We are using cert-manager to issue certificates in k8s from LE staging on a HSTS domain. Chrome requires us to have a valid full chain. So we have added the Intermediate and Root to each developer trusted store but now as stated in the staging environment docs…
Do not add the staging root or intermediate to a trust store that you use for ordinary browsing or other activities, since they are not audited or held to the same standards as our production roots, and so are not safe to use for anything other than testing
What means not safe here?
What sould we do considering HSTS domain and considering we are under heavy development (so k8s certificate is deleted and recreated ofter in a week)
The idea is that if you choose to trust the staging cert in your browser, you could be more vulnerable to online attacks involving fake certs. Although we don't know of any such attacks, we're not taking the same kinds of precautions to prevent them that we would with the regular CA.
For example, someone might be able to hack Let's Encrypt infrastructure or trick a Let's Encrypt employee in order to get access to the staging signing key (something that would be dramatically harder for the regular CA).
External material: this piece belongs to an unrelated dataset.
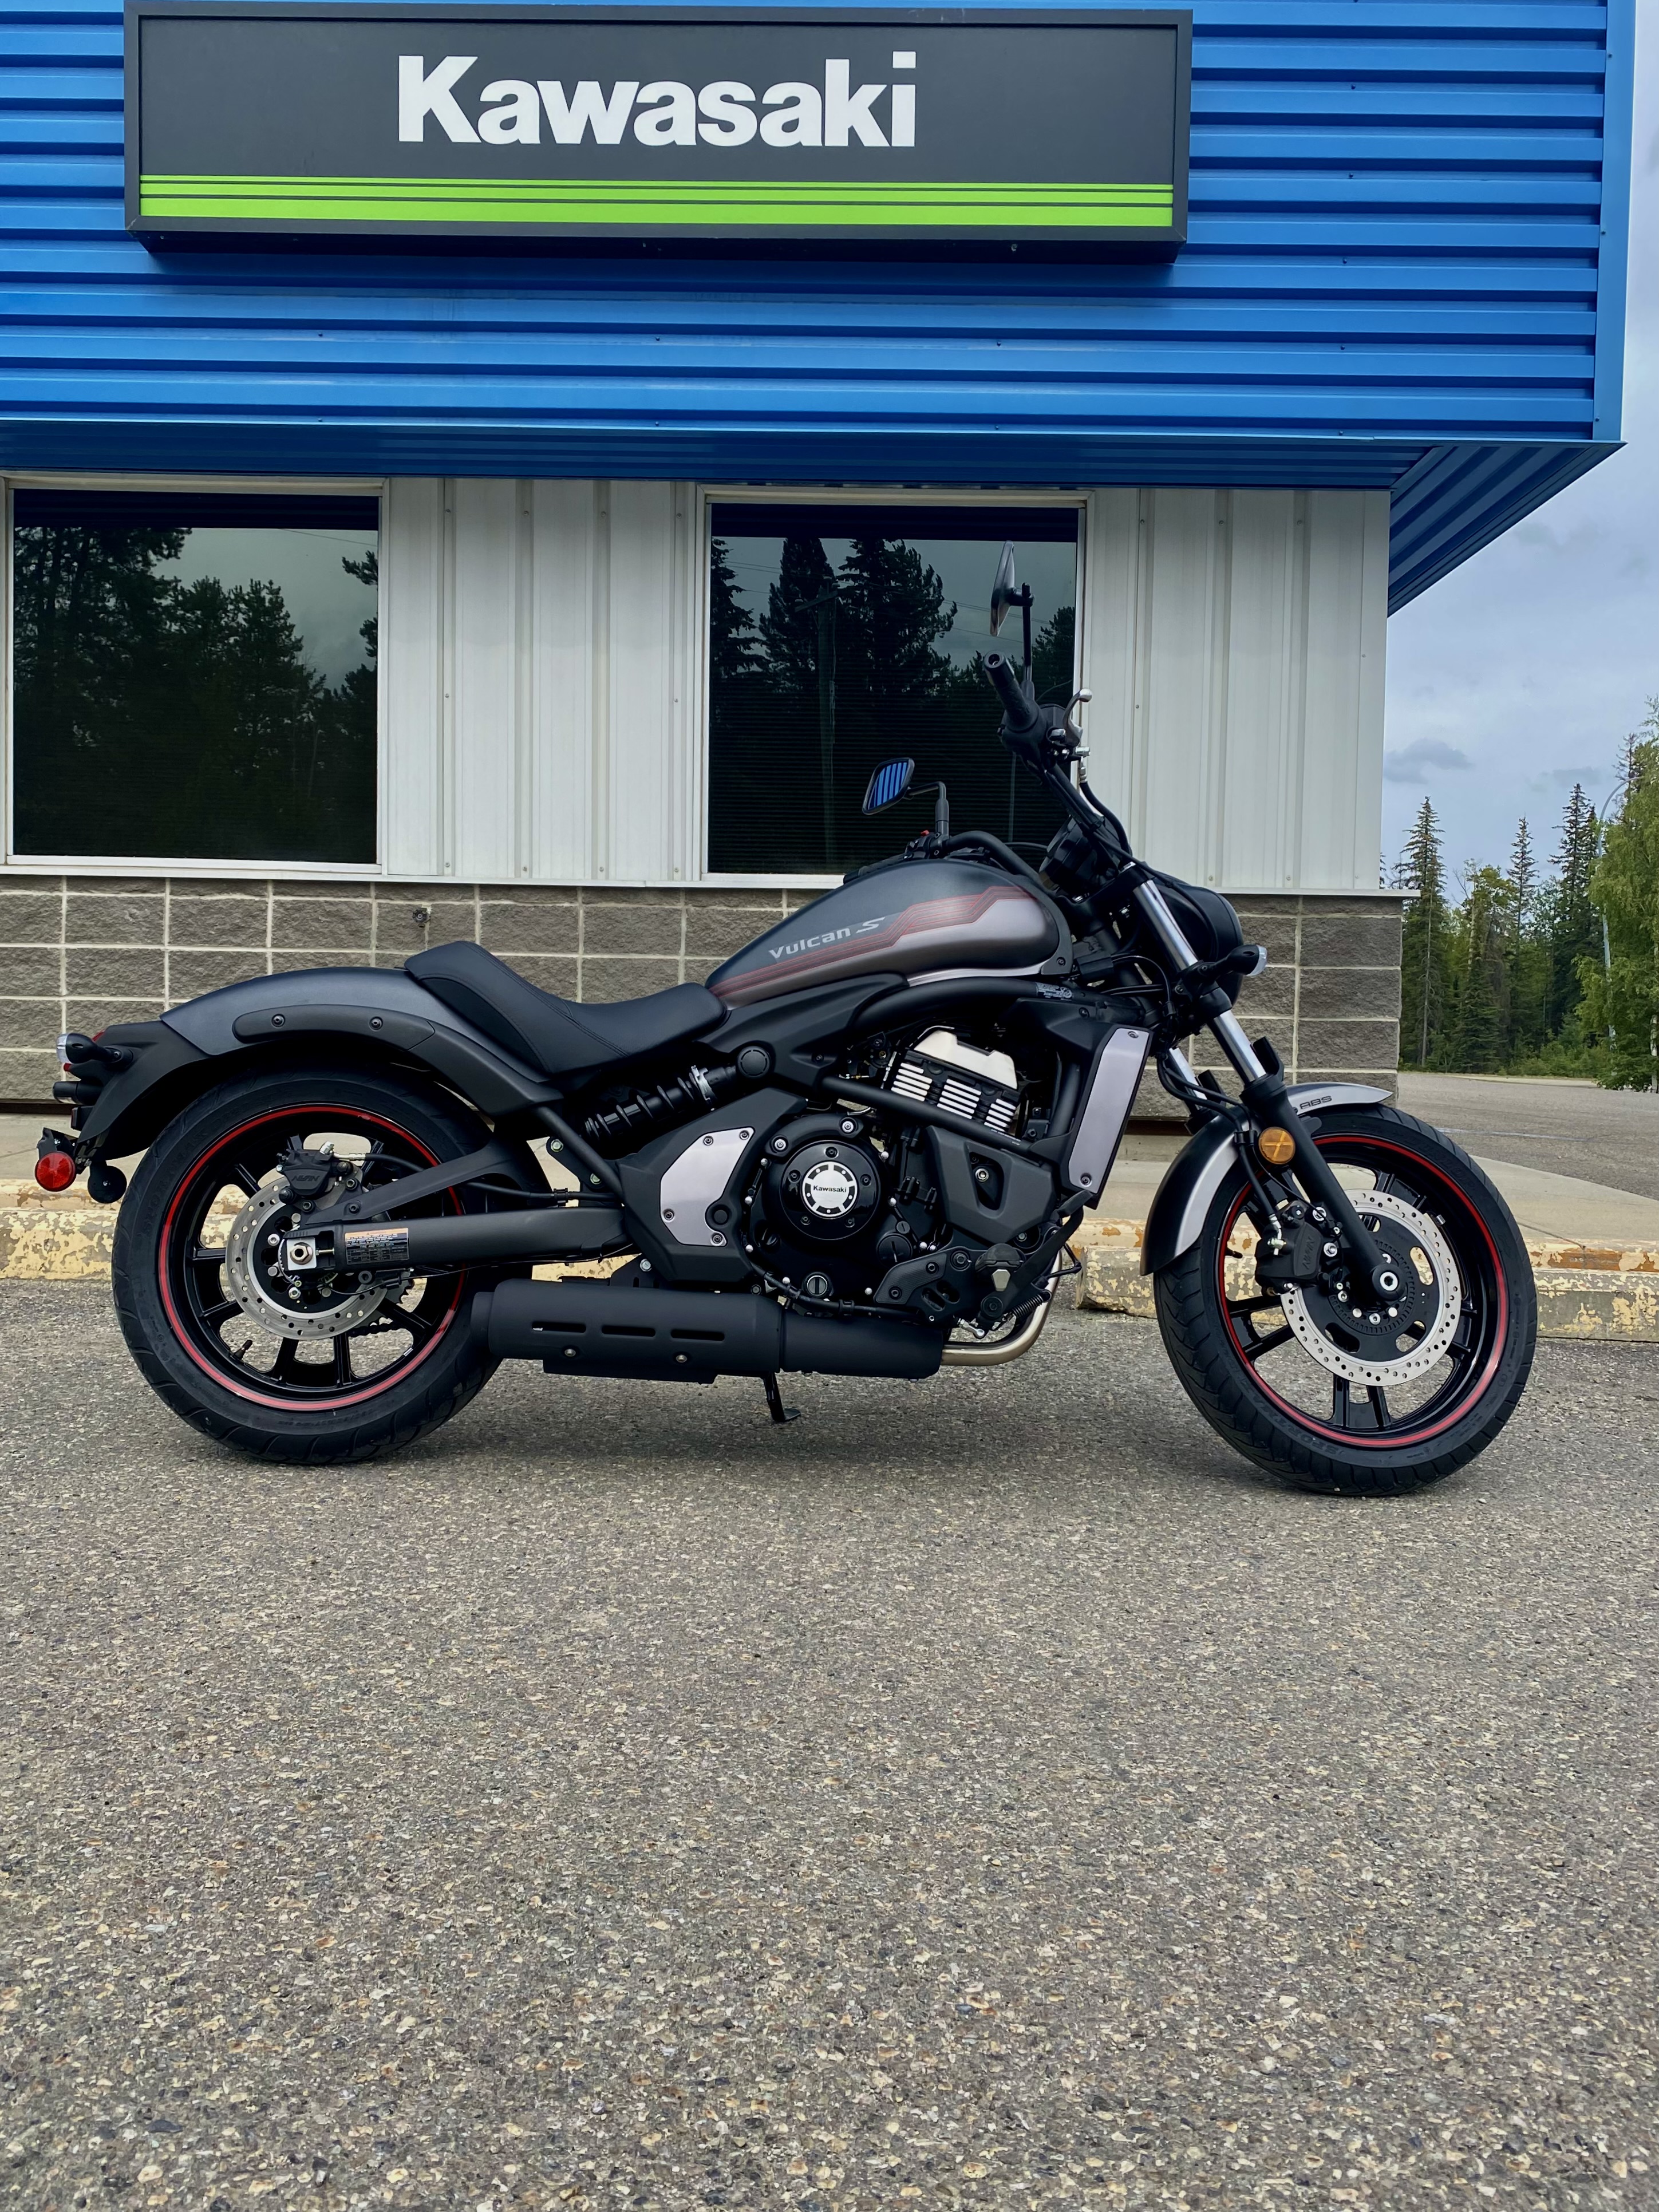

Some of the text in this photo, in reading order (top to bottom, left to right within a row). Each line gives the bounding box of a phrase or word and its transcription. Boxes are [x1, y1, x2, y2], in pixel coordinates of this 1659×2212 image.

[398, 51, 917, 147] Kawasaki
[856, 917, 886, 934] S
[1299, 1096, 1332, 1109] ABS
Or Let's Encrypt might introduce a new experimental validation method in the future and test it first on the staging service, and it might turn out that the new method is insecure in some way.
Another kind of reason not to do this on a regular browser is that if you accidentally set up a production version of your own site with a testing certificate rather than a production certificate, it would be harder for you to notice that you've done so if your browsers accept the testing certificate with no error!
The idea is that if you choose to trust the staging cert in your browser, you could be more vulnerable to online attacks involving fake certs. Although we don’t know of any such attacks, we’re not taking the same kinds of precautions to prevent them that we would with the regular CA.